• Description of the task: Please give the entries below again exactly, omitting every picture.

=== Dataset records ===

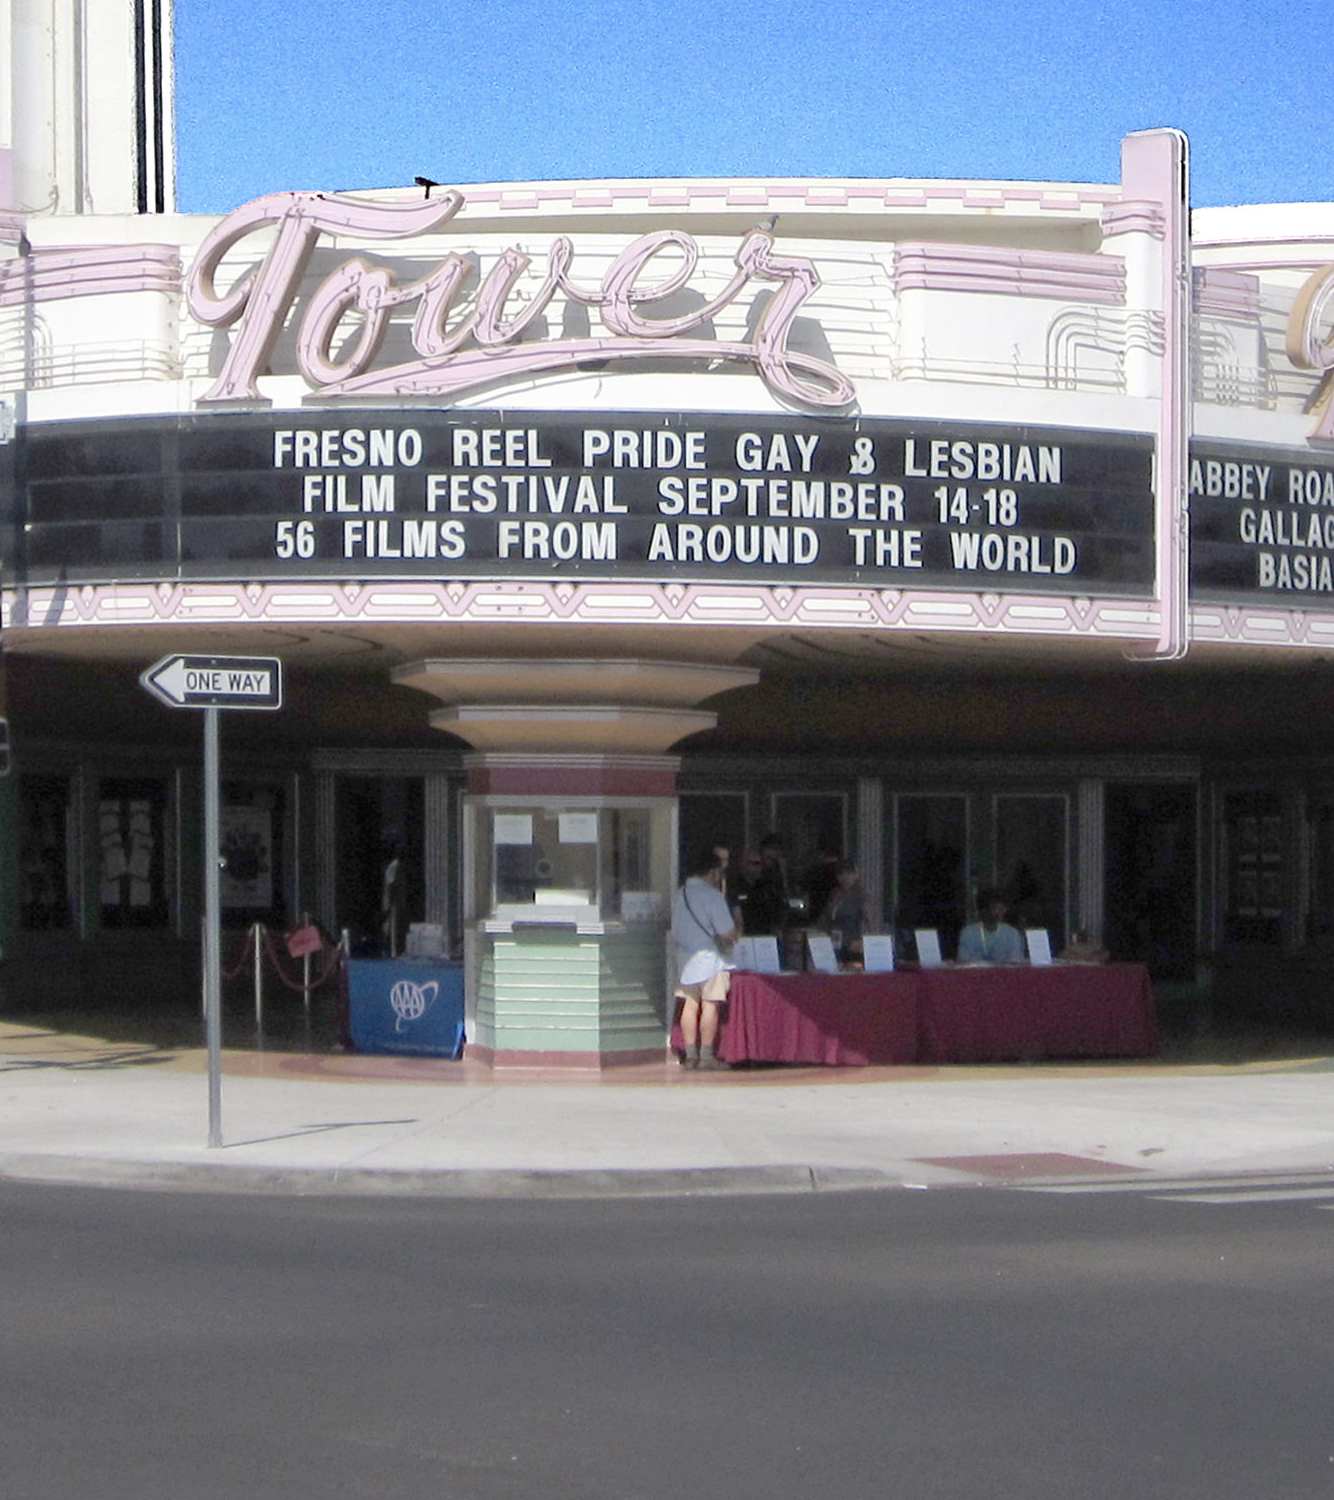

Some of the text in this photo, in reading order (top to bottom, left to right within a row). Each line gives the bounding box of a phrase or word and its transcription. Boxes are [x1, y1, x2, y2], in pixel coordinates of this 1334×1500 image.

[188, 190, 857, 407] Tower
[273, 429, 1062, 484] FRESNO REEL PRIDE GAY & LESBIAN
[1189, 459, 1271, 501] ABBEY
[303, 475, 1019, 527] FILM FESTIVAL SEPTEMBER 14-18
[275, 520, 1077, 575] 56 FILMS FROM AROUND THE WORLD
[1259, 552, 1334, 592] BASIA
[186, 671, 265, 693] ONE WAY
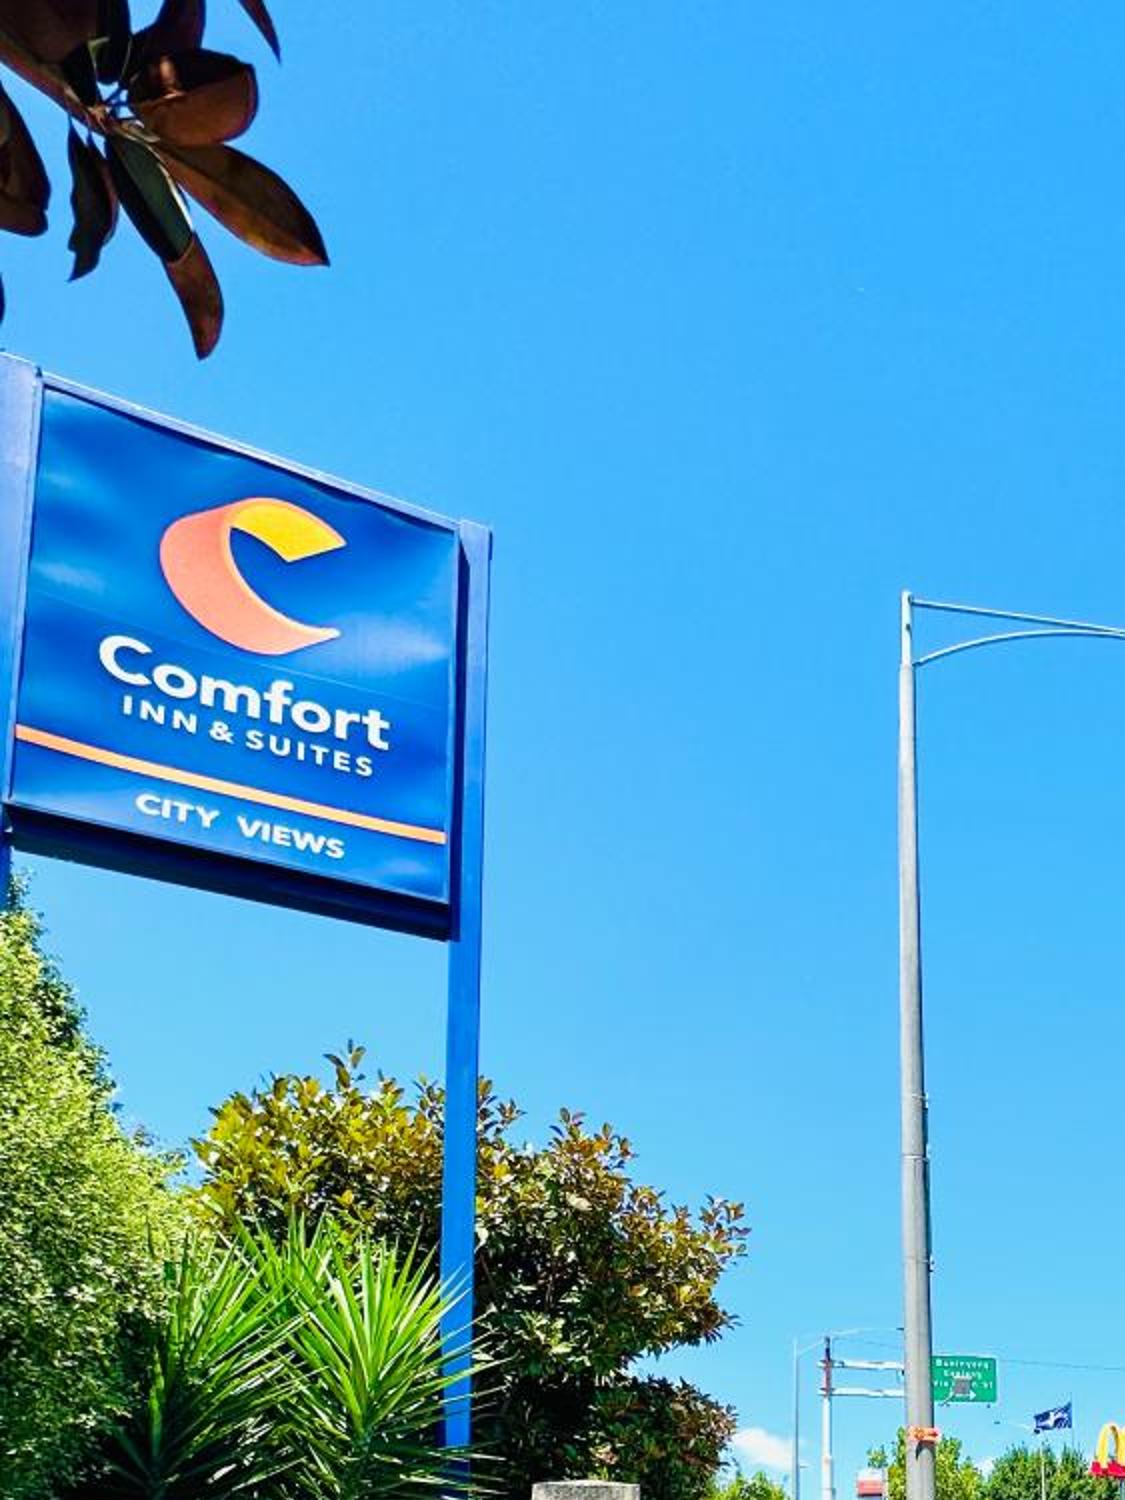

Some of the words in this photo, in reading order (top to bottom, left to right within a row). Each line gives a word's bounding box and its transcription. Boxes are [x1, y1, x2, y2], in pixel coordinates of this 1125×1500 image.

[99, 634, 391, 750] Comfort
[123, 695, 197, 734] INN
[209, 720, 234, 744] &
[245, 729, 373, 777] SUITES
[135, 793, 219, 829] CITY
[236, 816, 345, 860] VIEWS

===

• Result for this exercise:
Some of the text in this photo, in reading order (top to bottom, left to right within a row). Each line gives the bounding box of a phrase or word and its transcription. Boxes are [x1, y1, x2, y2], in pixel coordinates of this 1334×1500 image.

[188, 190, 857, 407] Tower
[273, 429, 1062, 484] FRESNO REEL PRIDE GAY & LESBIAN
[1189, 459, 1271, 501] ABBEY
[303, 475, 1019, 527] FILM FESTIVAL SEPTEMBER 14-18
[275, 520, 1077, 575] 56 FILMS FROM AROUND THE WORLD
[1259, 552, 1334, 592] BASIA
[186, 671, 265, 693] ONE WAY

Some of the words in this photo, in reading order (top to bottom, left to right within a row). Each line gives a word's bounding box and its transcription. Boxes are [x1, y1, x2, y2], in pixel coordinates of this 1125×1500 image.

[99, 634, 391, 750] Comfort
[123, 695, 197, 734] INN
[209, 720, 234, 744] &
[245, 729, 373, 777] SUITES
[135, 793, 219, 829] CITY
[236, 816, 345, 860] VIEWS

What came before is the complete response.